WE CONCUR: BARBARA A. MADSEN, Chief Justice.
C. JOHNSON, J. (concurring/dissenting).
¶ 37 The lead opinion correctly concludes that Loudon prohibits the type of ex parte contact that took place in this case. Loudon v. Mhyre, 110 Wn.2d 675, 756 P.2d 138 (1988). The lead opinion, however, disregards Loudon's clear prohibition on such contacts by failing to couple the violation with any meaningful remedy. The lead opinion compounds this error by creating an almost insurmountable burden for the party that has committed no wrongdoing while providing no clear guidance for determining when prejudice is sufficient to warrant remedial measures.
¶ 38 The lead opinion has blurred Loudon's bright line rule by recognizing that contact is in violation of the rule, while denying the aggrieved party an appropriate remedy. In Loudon, we announced a clear rule with simple application. The rule provides straightforward guidance on what constitutes improper ex parte communication. In Loudon, we rejected reliance upon protective orders in this situation precisely because we did not want to force trial courts to supervise these situations. Loudon, 110 Wash.2d at 679, 756 P.2d 138. We hesitated to require an inquiry into the contact itself, preferring the simpler route of complete prohibition.

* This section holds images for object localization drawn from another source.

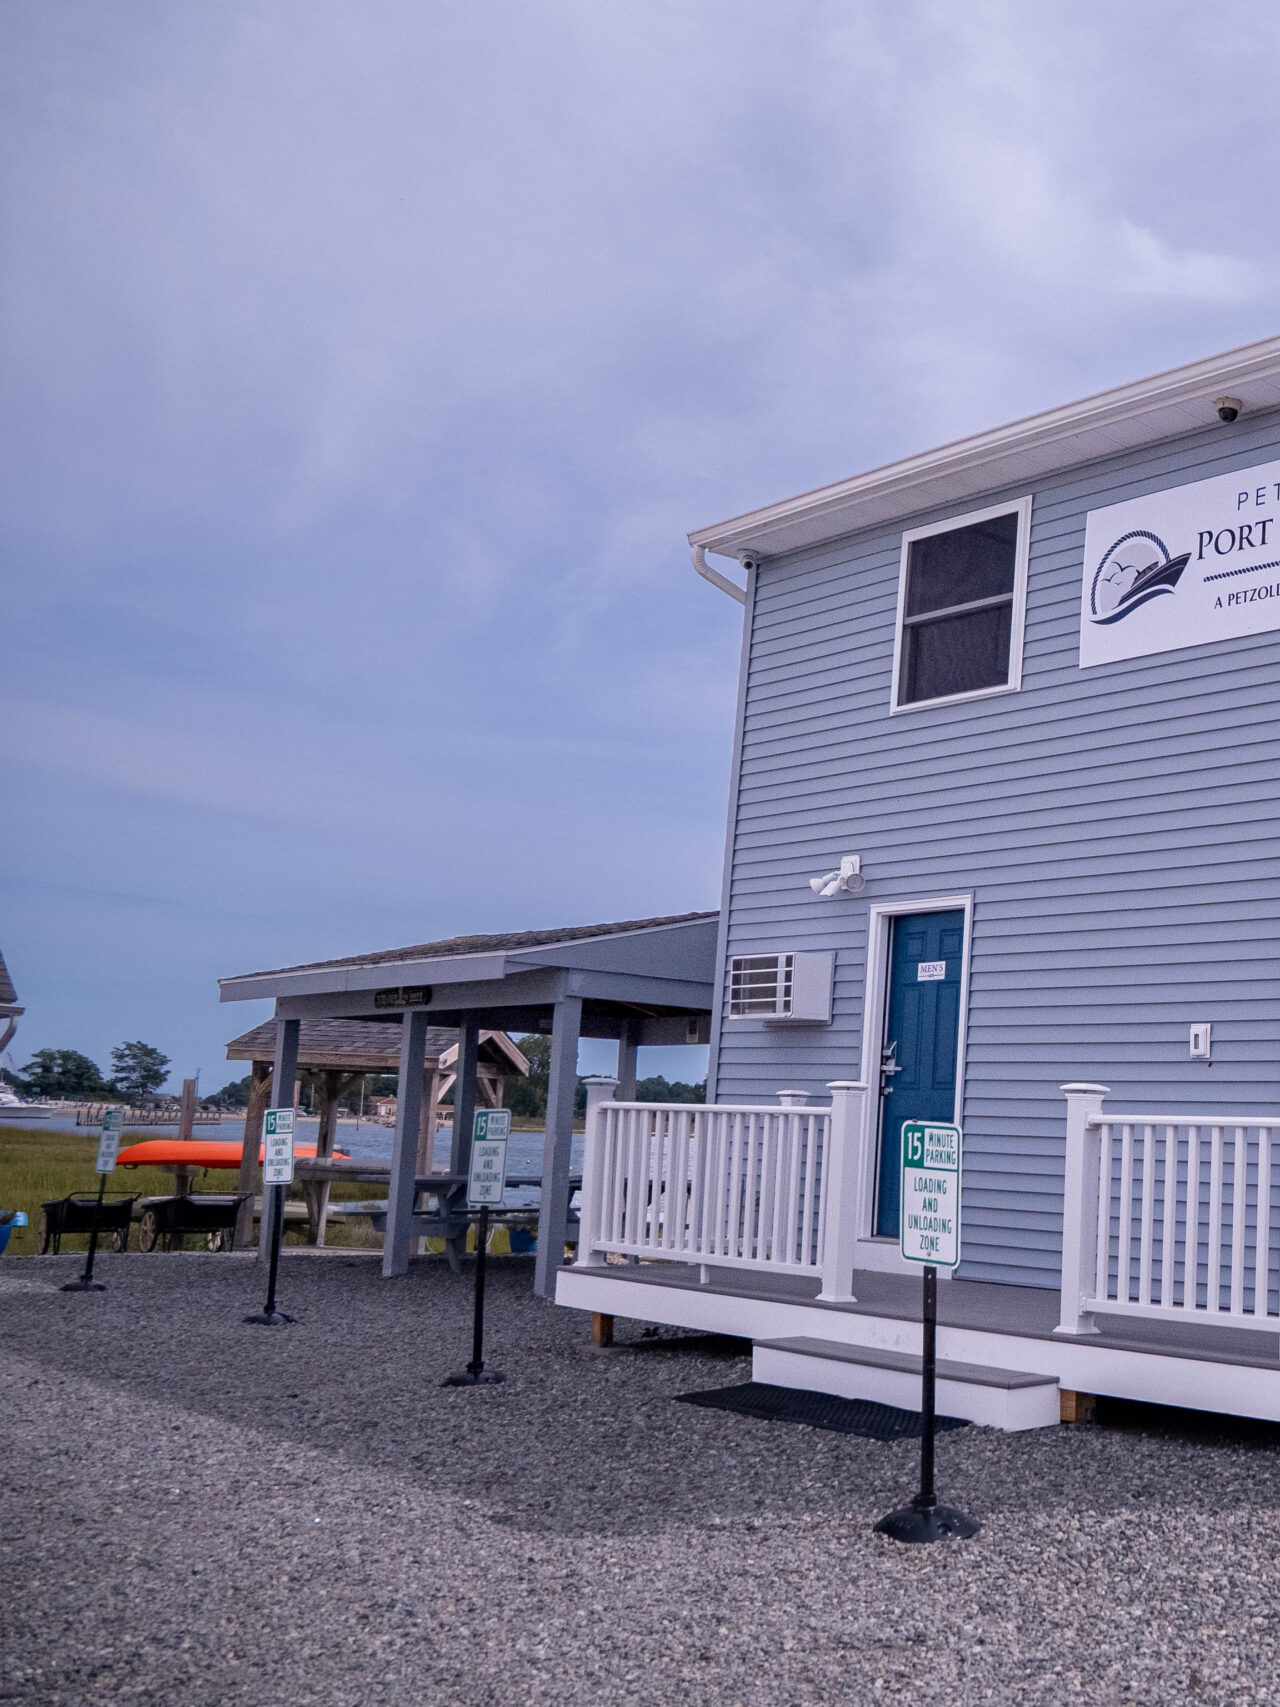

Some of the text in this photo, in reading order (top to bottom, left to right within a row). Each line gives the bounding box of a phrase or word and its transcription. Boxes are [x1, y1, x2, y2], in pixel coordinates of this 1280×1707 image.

[1196, 518, 1274, 561] PORT
[1213, 596, 1223, 609] A
[920, 963, 944, 973] MEN'S
[267, 1115, 276, 1130] 15
[477, 1116, 486, 1136] 15
[908, 1132, 922, 1160] 15
[928, 1132, 954, 1149] MINUTE
[479, 1146, 500, 1156] LOADING
[926, 1148, 956, 1165] PARKING
[914, 1176, 947, 1195] LOADING
[922, 1197, 938, 1213] AND
[908, 1214, 952, 1234] UNLOADING
[920, 1234, 940, 1252] ZONE

¶ 39 In doing so, the lead opinion places an almost insurmountable burden on the party that has done nothing wrong. The lead opinion finds it more appropriate that the innocent party bear the burden of showing some type of prejudice as the party with the greater interest in preventing such contact. Lead opinion at 946. But the plaintiff has the least control over preventing the harm to begin with. In this case, the plaintiff took explicit steps to prevent such contact.
¶ 41 We should follow Loudon and hold that when a violation occurs, the remedy is to grant a new trial. The Court of Appeals should be reversed and the case remanded.
WE CONCUR: RICHARD B. SANDERS, TOM CHAMBERS and DEBRA L. STEPHENS, Justices.